In internal combustion engines the smoke generated in the low rpm range under full load conditions is caused by an imperfect combustion of the delivered fuel quantities. Accordingly, a number of attempts have already been made to adapt the fuel quantities to the actual requirements of the engine. In particular, a reduction of the injected fuel quantities in the low rpm range is sought after.

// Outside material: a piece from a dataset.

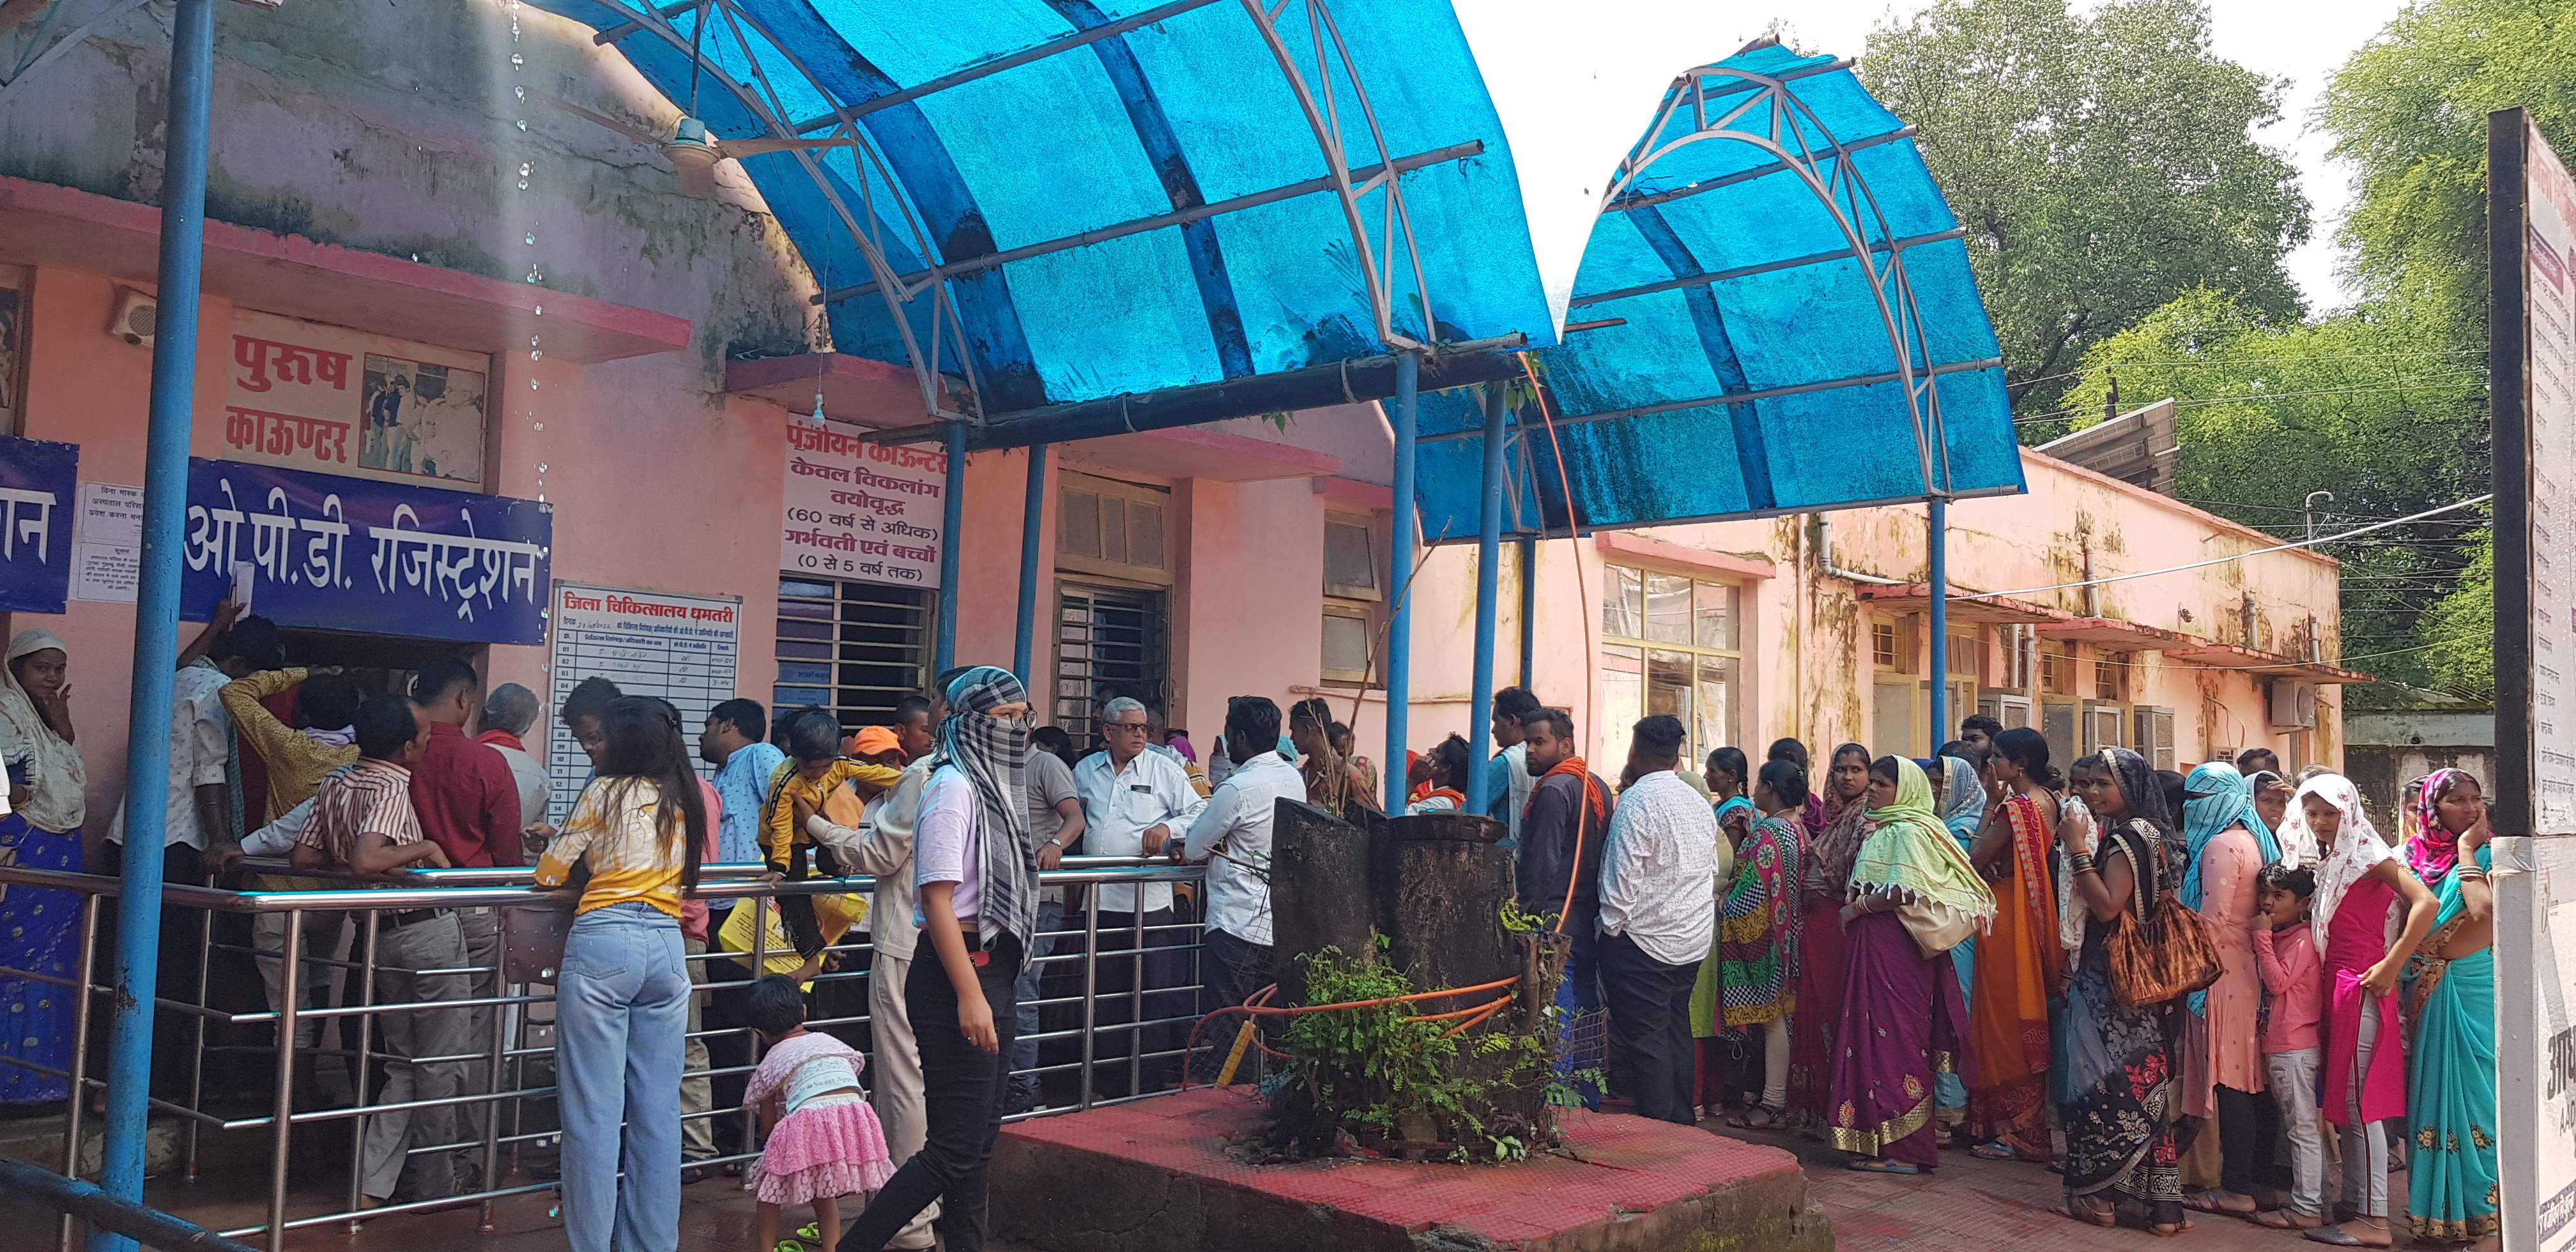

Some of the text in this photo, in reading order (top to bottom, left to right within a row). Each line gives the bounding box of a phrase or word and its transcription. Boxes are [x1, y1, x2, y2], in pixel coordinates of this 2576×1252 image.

In a known fuel injection pump of the aforenoted type, such as disclosed, for example, in U.S. Pat. No. 3,620,648 (German Published Patent Application DOS 1,947,528), in addition to a first bypass channel, there is provided a second bypass channel which is opened by the regulator shuttle prior to opening the first bypass channel. As long as no fluid abutment is present, however, this second bypass channel is closed by a means provided on the pump piston before it could be opened by the regulator shuttle. As the fluid abutment increases, the second bypass channel is opened to an increasing degree (the "fluid abutment" will be defined and explained later). The control edge for controlling the second bypass channel is preceded by a further control point which is formed as a throttle. In the beginning stage of the fluid abutment a discharge may occur only through this last-named throttle and only upon a further displacement of the control plunger will the second bypass channel be fully opened. By means of such an arrangement the injected fuel quantities are reduced in the partial load range and in idling and there is further achieved a smooth transition from the unaffected full load range to the partial load range.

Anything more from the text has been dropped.